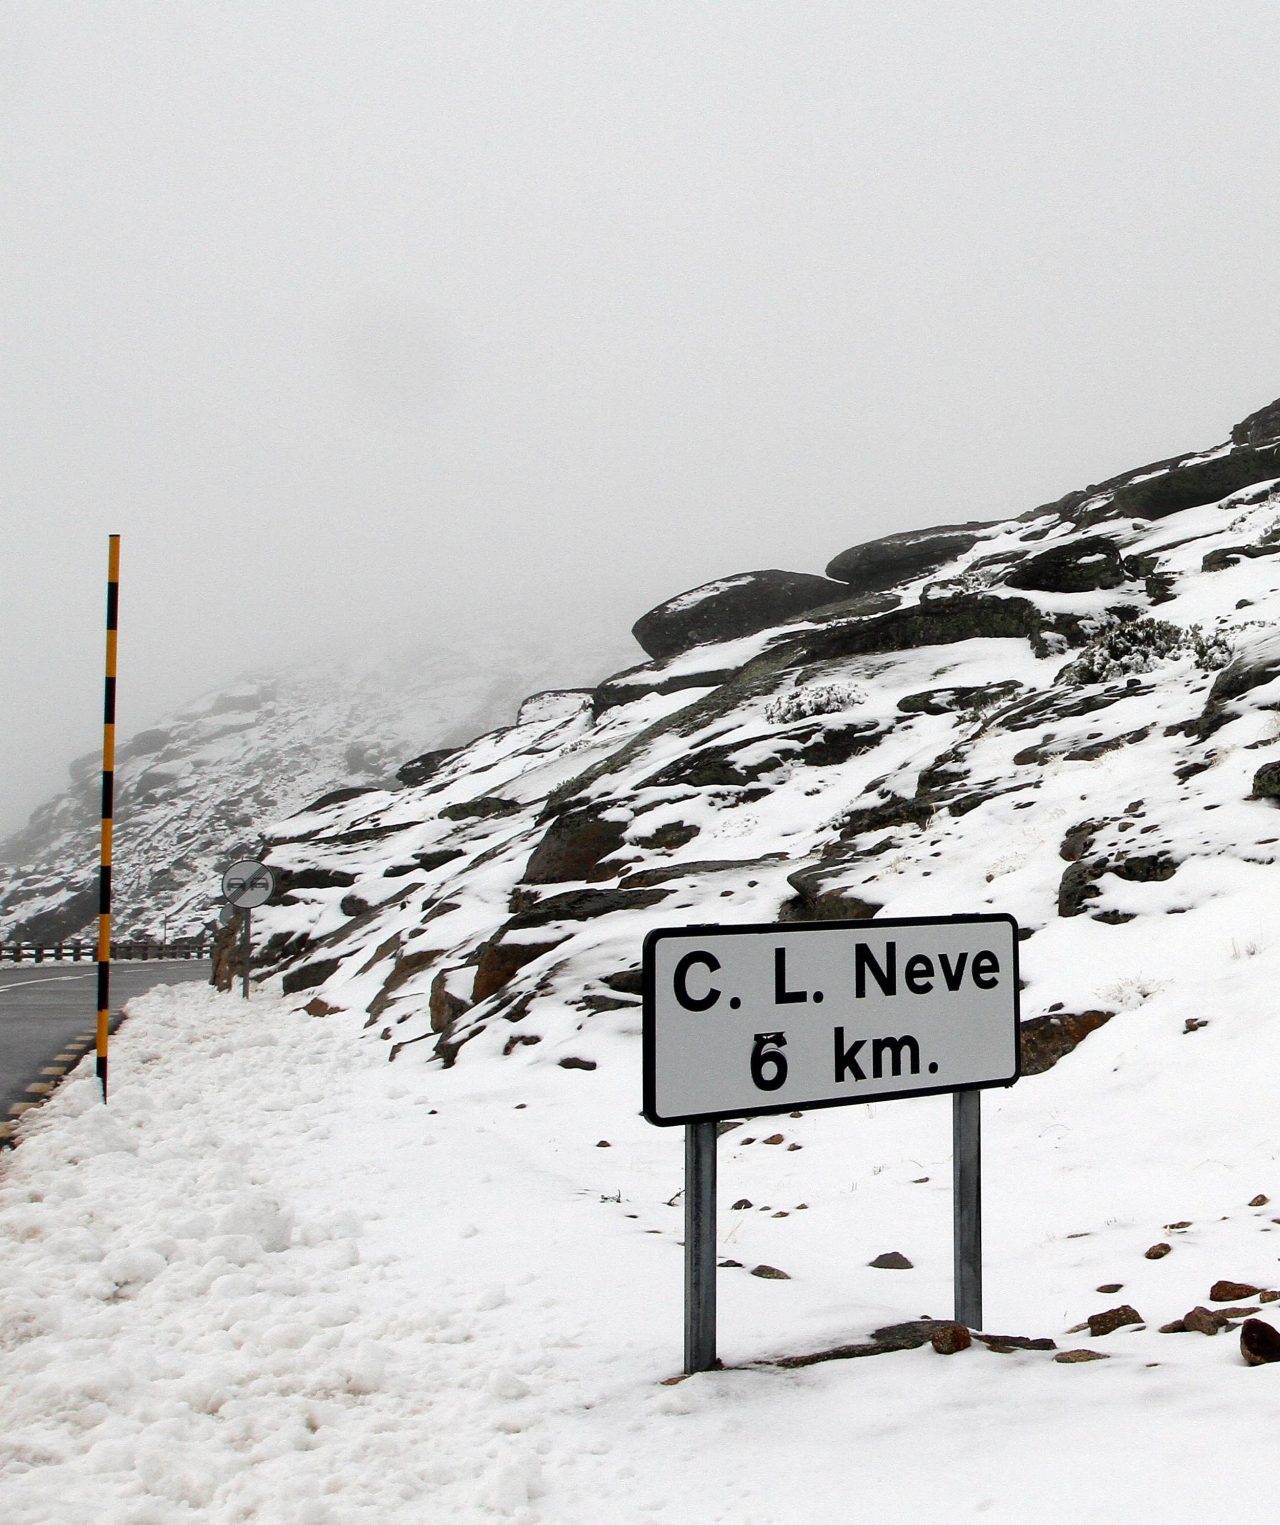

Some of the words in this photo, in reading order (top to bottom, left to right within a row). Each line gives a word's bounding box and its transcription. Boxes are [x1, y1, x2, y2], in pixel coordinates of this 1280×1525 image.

[673, 950, 742, 1013] C.
[774, 946, 825, 1005] L.
[854, 940, 1001, 999] Neve
[750, 1031, 789, 1092] 6
[833, 1026, 940, 1083] km.
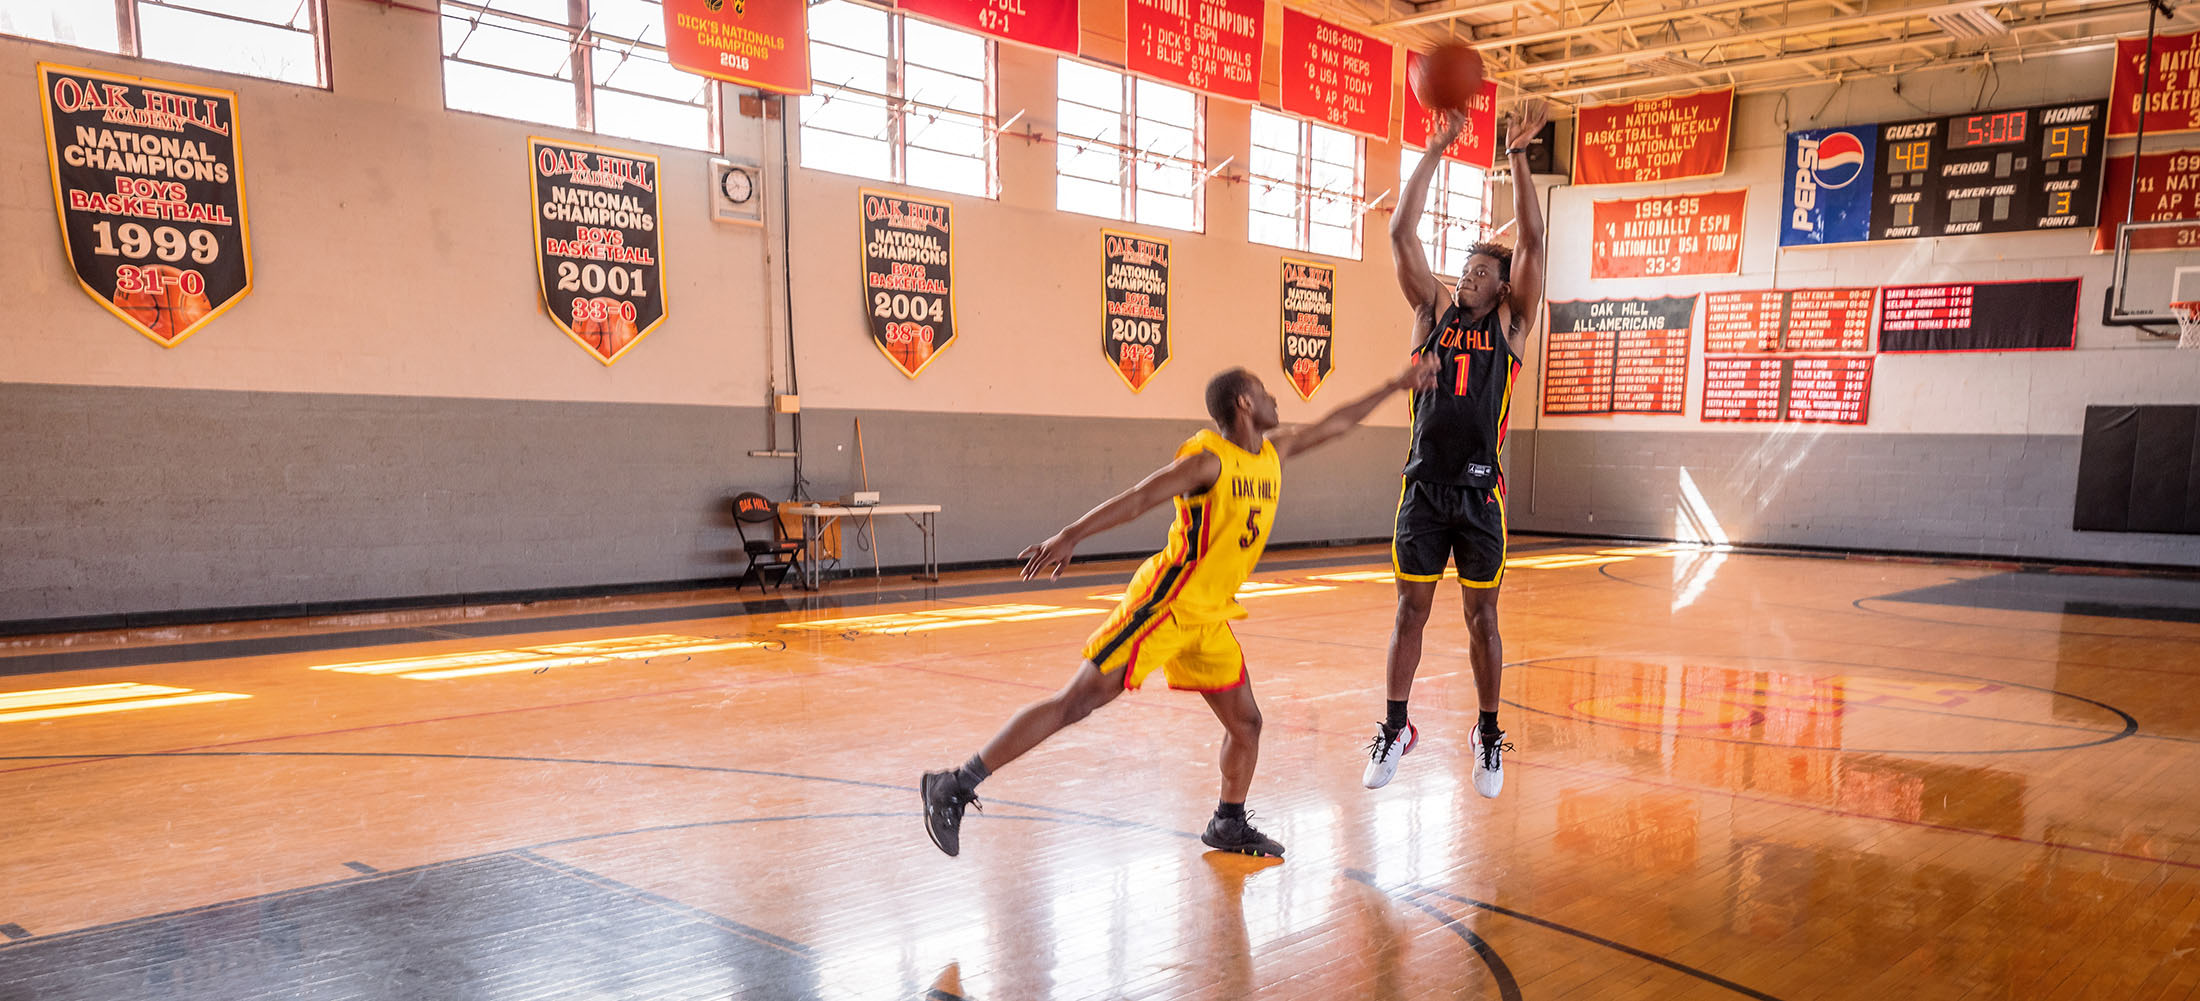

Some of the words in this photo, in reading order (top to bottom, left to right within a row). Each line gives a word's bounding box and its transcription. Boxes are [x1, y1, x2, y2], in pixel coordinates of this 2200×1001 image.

[677, 13, 719, 34] DICK'S
[722, 24, 785, 50] NATIONALS
[979, 8, 1009, 33] 47-1
[1200, 3, 1255, 38] CHAMPIONS
[1194, 23, 1218, 44] ESPN
[1316, 24, 1363, 54] 2016-2017
[698, 32, 769, 60] CHAMPIONS
[1158, 28, 1191, 52] DICK'S
[1198, 41, 1251, 68] NATIONALS
[720, 52, 749, 71] 2016
[1157, 45, 1184, 66] BLUE
[1191, 55, 1217, 75] STAR
[1223, 64, 1252, 82] MEDIA
[1321, 48, 1339, 68] MAX
[1343, 54, 1370, 77] PREPS
[1188, 71, 1209, 88] 45-1
[1320, 67, 1338, 87] USA
[1344, 75, 1373, 96] TODAY
[55, 77, 134, 113] OAK
[142, 90, 229, 136] HILL
[1325, 90, 1338, 104] AP
[1343, 94, 1366, 114] POLL
[103, 109, 188, 133] ACADEMY
[1327, 106, 1349, 125] 38-5
[1625, 105, 1699, 128] NATIONALLY
[2043, 105, 2095, 124] HOME
[1584, 126, 1663, 146] BASKETBALL
[1671, 116, 1721, 137] WEEKLY
[1886, 123, 1937, 140] GUEST
[1968, 111, 2027, 145] 5:00
[76, 125, 216, 163] NATIONAL
[1625, 135, 1698, 156] NATIONALLY
[2050, 126, 2089, 157] 97
[64, 144, 230, 184] CHAMPIONS
[1615, 156, 1639, 170] USA
[1647, 150, 1683, 167] TODAY
[1896, 141, 1928, 170] 48
[539, 148, 592, 178] OAK
[596, 155, 653, 193] HILL
[569, 170, 626, 190] ACADEMY
[1635, 168, 1661, 182] 27-1
[1942, 161, 1990, 177] PERIOD
[115, 176, 187, 202] BOYS
[1792, 139, 1819, 231] PEPSI
[2045, 180, 2079, 192] FOULS
[69, 189, 232, 226] BASKETBALL
[551, 186, 644, 215] NATIONAL
[1635, 197, 1700, 220] 1994-95
[1890, 192, 1921, 204] FOULS
[2056, 191, 2071, 214] 3
[2158, 193, 2183, 210] AP
[542, 202, 655, 231] CHAMPIONS
[866, 196, 903, 222] OAK
[907, 202, 949, 234] HILL
[1907, 203, 1914, 225] 1
[2039, 215, 2077, 228] POINTS
[576, 226, 624, 247] BOYS
[1624, 217, 1691, 239] NATIONALLY
[1699, 214, 1731, 233] ESPN
[1885, 226, 1919, 238] POINTS
[1945, 222, 1981, 234] MATCH
[92, 220, 220, 265] 1999
[546, 238, 655, 266] BASKETBALL
[874, 228, 942, 254] NATIONAL
[1107, 236, 1135, 259] OAK
[1137, 240, 1168, 269] HILL
[1612, 238, 1671, 257] NATIONALLY
[1679, 236, 1699, 254] USA
[1706, 233, 1738, 252] TODAY
[868, 242, 948, 266] CHAMPIONS
[1645, 255, 1681, 274] 33-3
[116, 264, 206, 296] 31-0
[557, 261, 648, 298] 2001
[891, 261, 926, 280] BOYS
[1111, 263, 1162, 283] NATIONAL
[1285, 263, 1308, 284] OAK
[1309, 267, 1332, 290] HILL
[869, 271, 949, 296] BASKETBALL
[1106, 275, 1167, 296] CHAMPIONS
[1288, 287, 1327, 304] NATIONAL
[1887, 289, 1905, 300] DAVID
[571, 297, 638, 323] 33-0
[874, 291, 945, 323] 2004
[1125, 291, 1150, 305] BOYS
[1284, 298, 1332, 316] CHAMPIONS
[1591, 303, 1614, 317] OAK
[1621, 303, 1649, 317] HILL
[1915, 298, 1946, 309] JOHNSON
[1107, 300, 1165, 321] BASKETBALL
[1904, 308, 1934, 319] ANTHONY
[885, 322, 935, 345] 38-0
[1111, 318, 1162, 345] 2005
[1573, 316, 1665, 333] ALL-AMERICANS
[1884, 319, 1915, 331] CAMERON
[1917, 318, 1944, 329] THOMAS
[1287, 335, 1327, 359] 2007
[1454, 353, 1471, 396] 1
[739, 498, 754, 513] OAK
[753, 498, 771, 512] HILL
[1239, 507, 1261, 549] 5

______

Assignment: Would you please retype the material above exactly and leave out each picture?

Response to the task:
Some of the words in this photo, in reading order (top to bottom, left to right within a row). Each line gives a word's bounding box and its transcription. Boxes are [x1, y1, x2, y2], in pixel coordinates of this 1280×1525 image.

[673, 950, 742, 1013] C.
[774, 946, 825, 1005] L.
[854, 940, 1001, 999] Neve
[750, 1031, 789, 1092] 6
[833, 1026, 940, 1083] km.

Some of the words in this photo, in reading order (top to bottom, left to right within a row). Each line gives a word's bounding box and its transcription. Boxes are [x1, y1, x2, y2], in pixel coordinates of this 2200×1001 image.

[677, 13, 719, 34] DICK'S
[722, 24, 785, 50] NATIONALS
[979, 8, 1009, 33] 47-1
[1200, 3, 1255, 38] CHAMPIONS
[1194, 23, 1218, 44] ESPN
[1316, 24, 1363, 54] 2016-2017
[698, 32, 769, 60] CHAMPIONS
[1158, 28, 1191, 52] DICK'S
[1198, 41, 1251, 68] NATIONALS
[720, 52, 749, 71] 2016
[1157, 45, 1184, 66] BLUE
[1191, 55, 1217, 75] STAR
[1223, 64, 1252, 82] MEDIA
[1321, 48, 1339, 68] MAX
[1343, 54, 1370, 77] PREPS
[1188, 71, 1209, 88] 45-1
[1320, 67, 1338, 87] USA
[1344, 75, 1373, 96] TODAY
[55, 77, 134, 113] OAK
[142, 90, 229, 136] HILL
[1325, 90, 1338, 104] AP
[1343, 94, 1366, 114] POLL
[103, 109, 188, 133] ACADEMY
[1327, 106, 1349, 125] 38-5
[1625, 105, 1699, 128] NATIONALLY
[2043, 105, 2095, 124] HOME
[1584, 126, 1663, 146] BASKETBALL
[1671, 116, 1721, 137] WEEKLY
[1886, 123, 1937, 140] GUEST
[1968, 111, 2027, 145] 5:00
[76, 125, 216, 163] NATIONAL
[1625, 135, 1698, 156] NATIONALLY
[2050, 126, 2089, 157] 97
[64, 144, 230, 184] CHAMPIONS
[1615, 156, 1639, 170] USA
[1647, 150, 1683, 167] TODAY
[1896, 141, 1928, 170] 48
[539, 148, 592, 178] OAK
[596, 155, 653, 193] HILL
[569, 170, 626, 190] ACADEMY
[1635, 168, 1661, 182] 27-1
[1942, 161, 1990, 177] PERIOD
[115, 176, 187, 202] BOYS
[1792, 139, 1819, 231] PEPSI
[2045, 180, 2079, 192] FOULS
[69, 189, 232, 226] BASKETBALL
[551, 186, 644, 215] NATIONAL
[1635, 197, 1700, 220] 1994-95
[1890, 192, 1921, 204] FOULS
[2056, 191, 2071, 214] 3
[2158, 193, 2183, 210] AP
[542, 202, 655, 231] CHAMPIONS
[866, 196, 903, 222] OAK
[907, 202, 949, 234] HILL
[1907, 203, 1914, 225] 1
[2039, 215, 2077, 228] POINTS
[576, 226, 624, 247] BOYS
[1624, 217, 1691, 239] NATIONALLY
[1699, 214, 1731, 233] ESPN
[1885, 226, 1919, 238] POINTS
[1945, 222, 1981, 234] MATCH
[92, 220, 220, 265] 1999
[546, 238, 655, 266] BASKETBALL
[874, 228, 942, 254] NATIONAL
[1107, 236, 1135, 259] OAK
[1137, 240, 1168, 269] HILL
[1612, 238, 1671, 257] NATIONALLY
[1679, 236, 1699, 254] USA
[1706, 233, 1738, 252] TODAY
[868, 242, 948, 266] CHAMPIONS
[1645, 255, 1681, 274] 33-3
[116, 264, 206, 296] 31-0
[557, 261, 648, 298] 2001
[891, 261, 926, 280] BOYS
[1111, 263, 1162, 283] NATIONAL
[1285, 263, 1308, 284] OAK
[1309, 267, 1332, 290] HILL
[869, 271, 949, 296] BASKETBALL
[1106, 275, 1167, 296] CHAMPIONS
[1288, 287, 1327, 304] NATIONAL
[1887, 289, 1905, 300] DAVID
[571, 297, 638, 323] 33-0
[874, 291, 945, 323] 2004
[1125, 291, 1150, 305] BOYS
[1284, 298, 1332, 316] CHAMPIONS
[1591, 303, 1614, 317] OAK
[1621, 303, 1649, 317] HILL
[1915, 298, 1946, 309] JOHNSON
[1107, 300, 1165, 321] BASKETBALL
[1904, 308, 1934, 319] ANTHONY
[885, 322, 935, 345] 38-0
[1111, 318, 1162, 345] 2005
[1573, 316, 1665, 333] ALL-AMERICANS
[1884, 319, 1915, 331] CAMERON
[1917, 318, 1944, 329] THOMAS
[1287, 335, 1327, 359] 2007
[1454, 353, 1471, 396] 1
[739, 498, 754, 513] OAK
[753, 498, 771, 512] HILL
[1239, 507, 1261, 549] 5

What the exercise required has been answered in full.